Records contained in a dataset
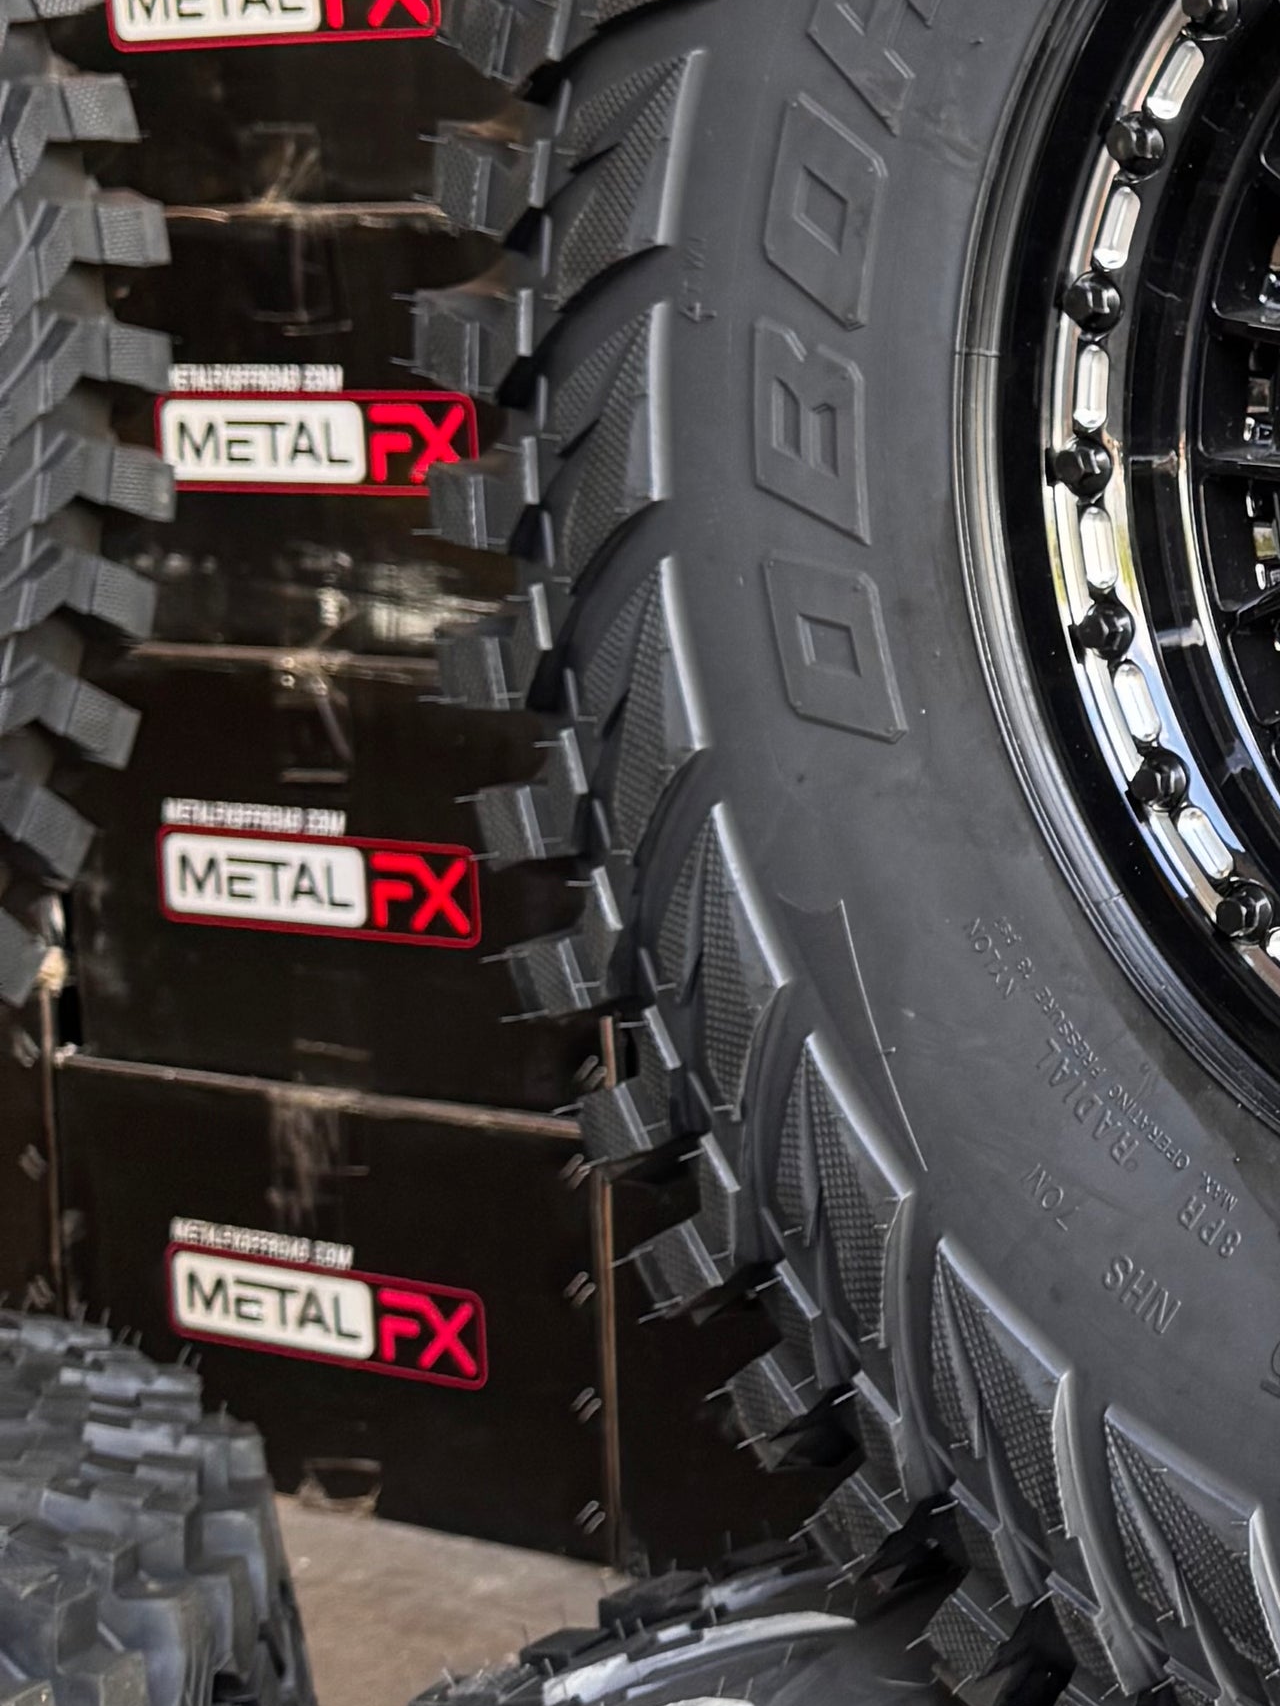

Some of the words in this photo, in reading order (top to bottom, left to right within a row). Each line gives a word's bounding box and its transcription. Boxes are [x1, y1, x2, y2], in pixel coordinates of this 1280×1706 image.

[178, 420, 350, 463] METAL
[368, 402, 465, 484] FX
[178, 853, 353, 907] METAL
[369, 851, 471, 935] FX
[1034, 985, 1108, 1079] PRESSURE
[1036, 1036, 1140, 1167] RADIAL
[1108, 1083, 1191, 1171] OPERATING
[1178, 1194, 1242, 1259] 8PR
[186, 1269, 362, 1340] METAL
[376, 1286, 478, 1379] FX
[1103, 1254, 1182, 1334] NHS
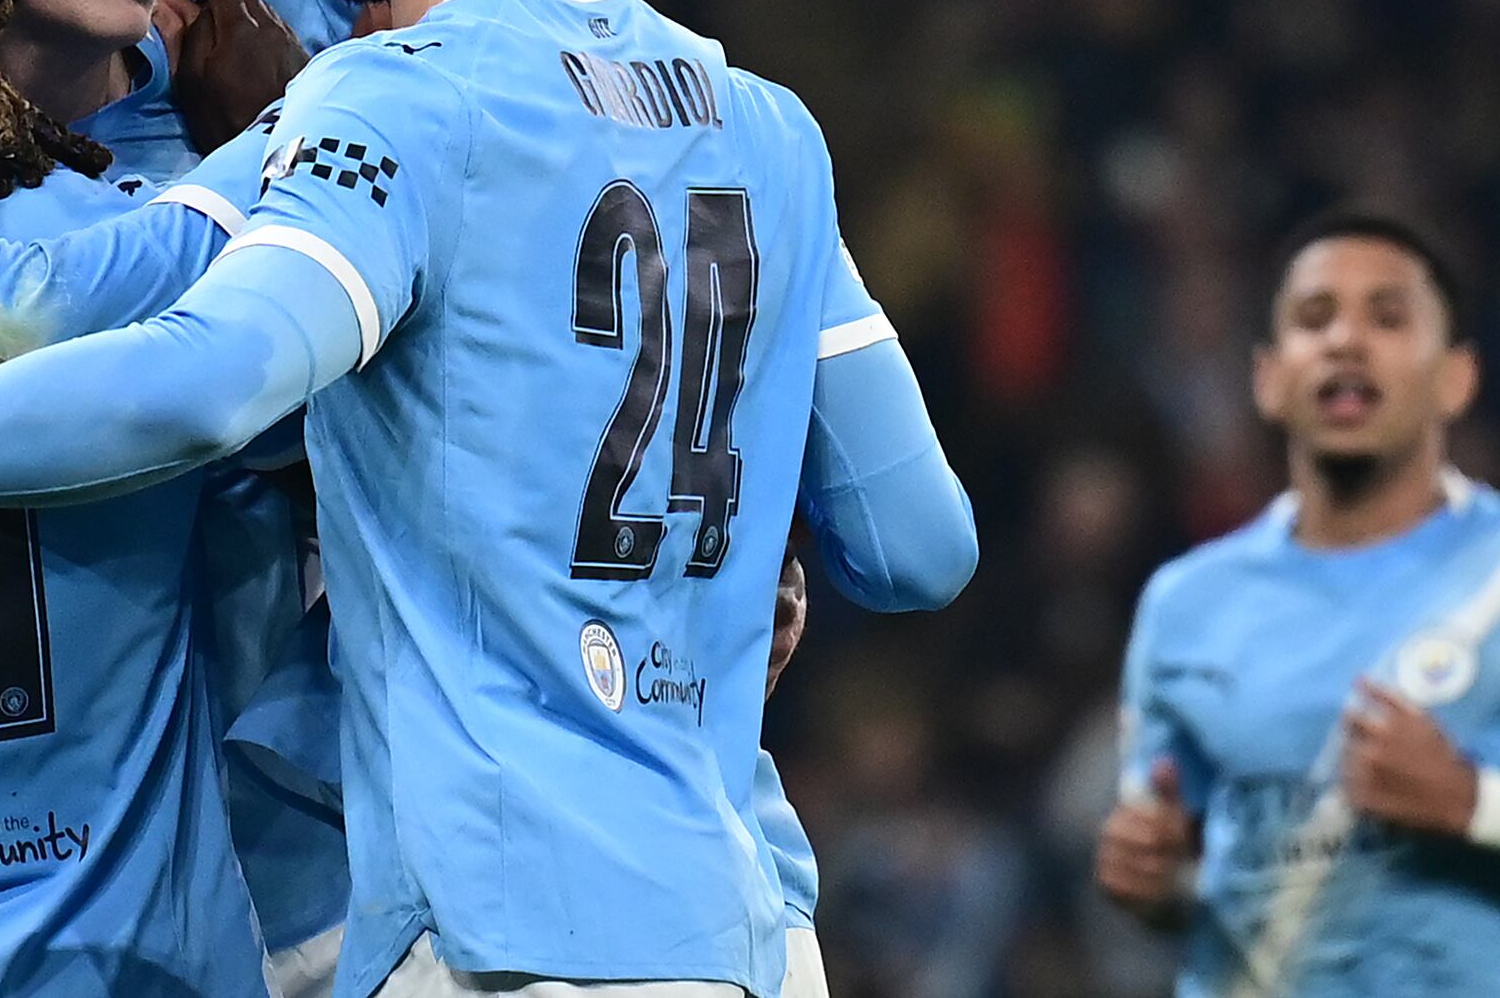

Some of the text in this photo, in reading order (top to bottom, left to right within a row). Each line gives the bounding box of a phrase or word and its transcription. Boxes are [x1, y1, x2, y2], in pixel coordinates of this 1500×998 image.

**TRY IT:** Although the records contain pictures, the copy should hold only their text, reproduced exactly.

**PROBLEM SOLUTION:**
Some of the words in this photo, in reading order (top to bottom, left to right within a row). Each line gives a word's bounding box and its transcription. Boxes are [x1, y1, x2, y2], in pixel coordinates of this 1280×1706 image.

[178, 420, 350, 463] METAL
[368, 402, 465, 484] FX
[178, 853, 353, 907] METAL
[369, 851, 471, 935] FX
[1034, 985, 1108, 1079] PRESSURE
[1036, 1036, 1140, 1167] RADIAL
[1108, 1083, 1191, 1171] OPERATING
[1178, 1194, 1242, 1259] 8PR
[186, 1269, 362, 1340] METAL
[376, 1286, 478, 1379] FX
[1103, 1254, 1182, 1334] NHS

Some of the text in this photo, in reading order (top to bottom, left to right within a row). Each line gives the bounding box of a phrase or word and its transcription. Boxes are [x1, y1, x2, y2], in pixel coordinates of this 1500×998 image.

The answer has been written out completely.